Sen. Eric Brakey, R-Auburn, who chairs the Health and Human Services Committee with Hymanson, agreed.
“I would hope that all the Democrats who voted for this in the last go-around will be just as happy that the governor is doing this, even though we have a new president,” said Brakey. “This [SNAP] money is supposed to help people in desperate straits. If I was donating money to a charity for people in desperate situations and I found out that someone was using it for soda or candy, I would want my money back.”
During the 2016 Republican National Convention, Brakey led an effort to have states’ ability to restrict junk food from purchases in the SNAP program added to the party’s platform. The effort failed in a voice vote.
This latest proposal is the first of a handful of health policy changes that the Republican governor’s administration has asked Trump’s new Republican administration to approve. Maine also is expected to ask the federal government to approve major changes to Medicaid.
The waiver request released by the LePage administration on Friday also asks for the authority to reallocate $4 million in federal nutrition education money in the food stamp program to food banks, schools and community agencies.
“This plan would create better access to health foods while streamlining administratively burdensome SNAP-Ed programming and reporting requirements,” DHHS Commissioner Mary Mayhew wrote in the waiver request.

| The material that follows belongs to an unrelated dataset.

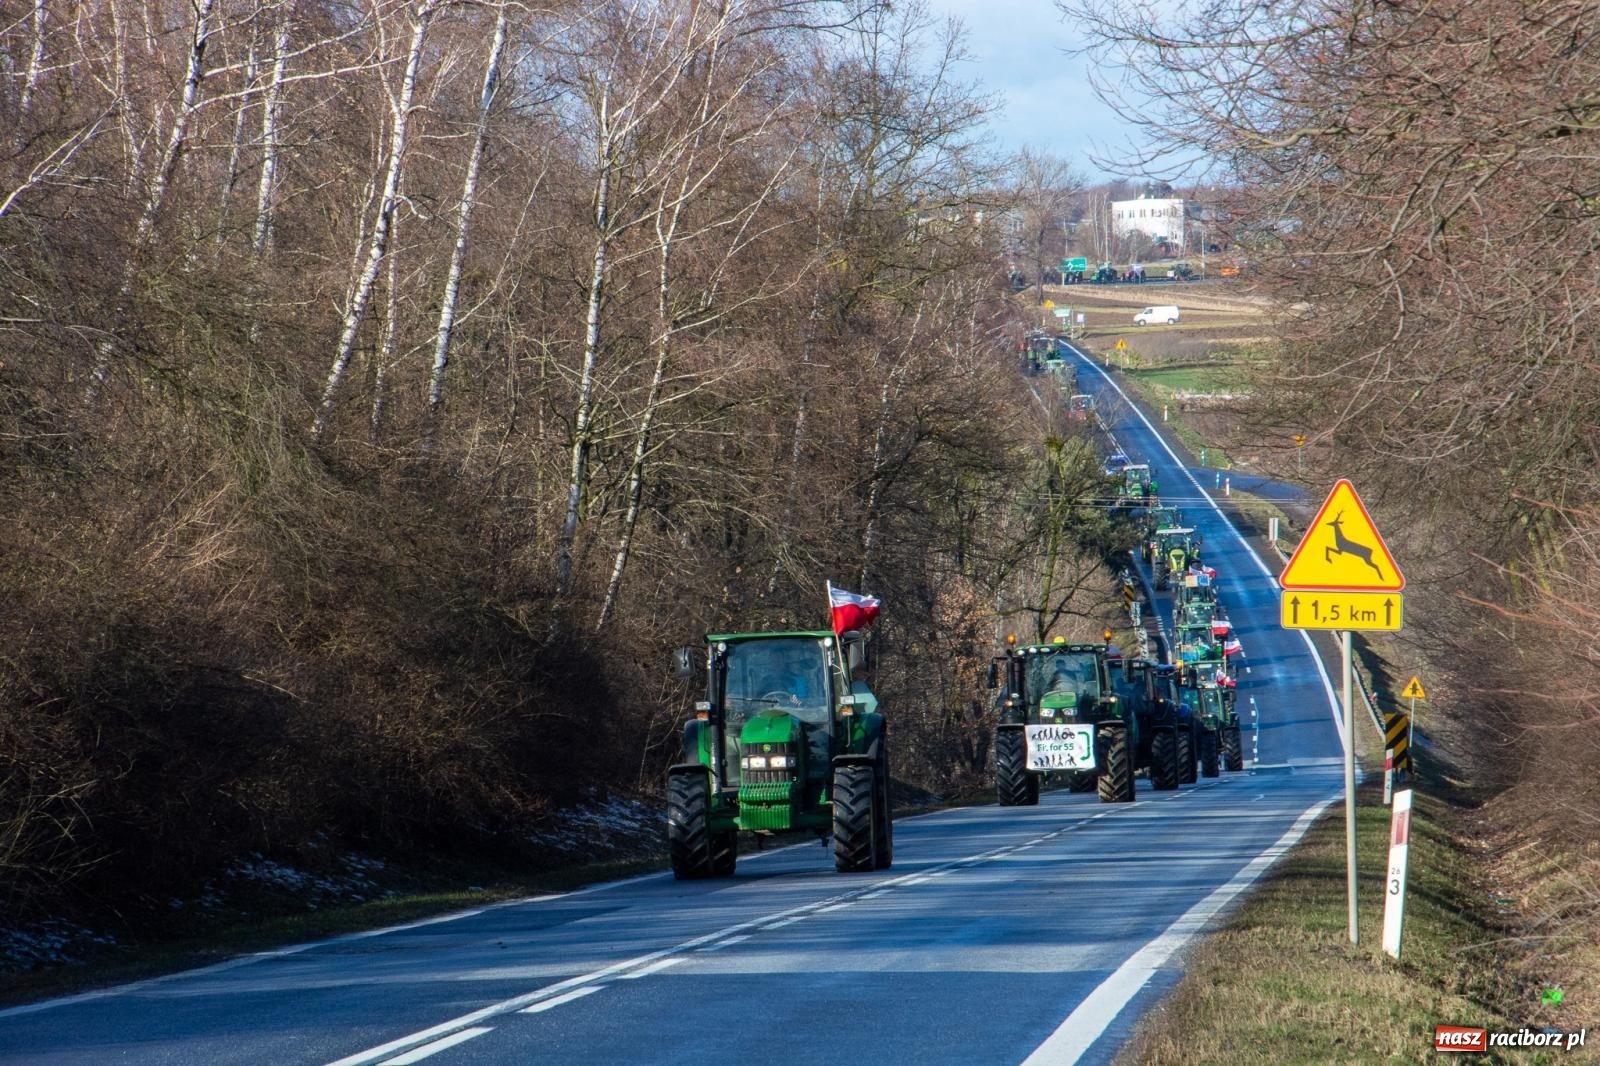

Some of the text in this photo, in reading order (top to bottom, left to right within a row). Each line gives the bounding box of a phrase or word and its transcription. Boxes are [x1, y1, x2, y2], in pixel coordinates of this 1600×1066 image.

[1311, 600, 1376, 623] 1,5 km
[1050, 743, 1062, 751] for
[1390, 879, 1400, 895] 3

Christine Hastedt, public policy director for Maine Equal Justice Partners, said the waiver request misses the mark if the intent is to improve public health. She said no state has ever been granted a waiver like the one Maine seeks.
“It’s not an effective solution,” she said Friday. “If we really want to solve the problem, let’s take the steps that we know work, like we did with cigarettes. We taxed the product, we made people understand the health risks, and we made a lot of progress in that area.”
This issue has been the subject of national media attention recently. The New York Times published an article in January that said soft drinks and other sugary beverages were the most common purchases by SNAP households, accounting for nearly 10 percent of all SNAP purchases. That article originally said that 10 percent of SNAP benefits are spent on just soda, but the Times issued a correction after heavy pushback.
Based on U.S. Department of Agriculture data, DHHS estimates that about $13 million in SNAP money in Maine is spent on soft drinks. Concurrently, obesity and related ailments cost over $700 million per year in Maine, about one-third of which is funded by taxpayers in the Medicaid and Medicare programs.
“Maine taxpayers have seen this happening in convenience stores and grocery stores while they wait in line,” Mayhew said in a written statement. “Now the recent USDA study confirms the department’s concerns that too many tax dollars are being wasted on candy and soda instead of being used for nutritional foods.”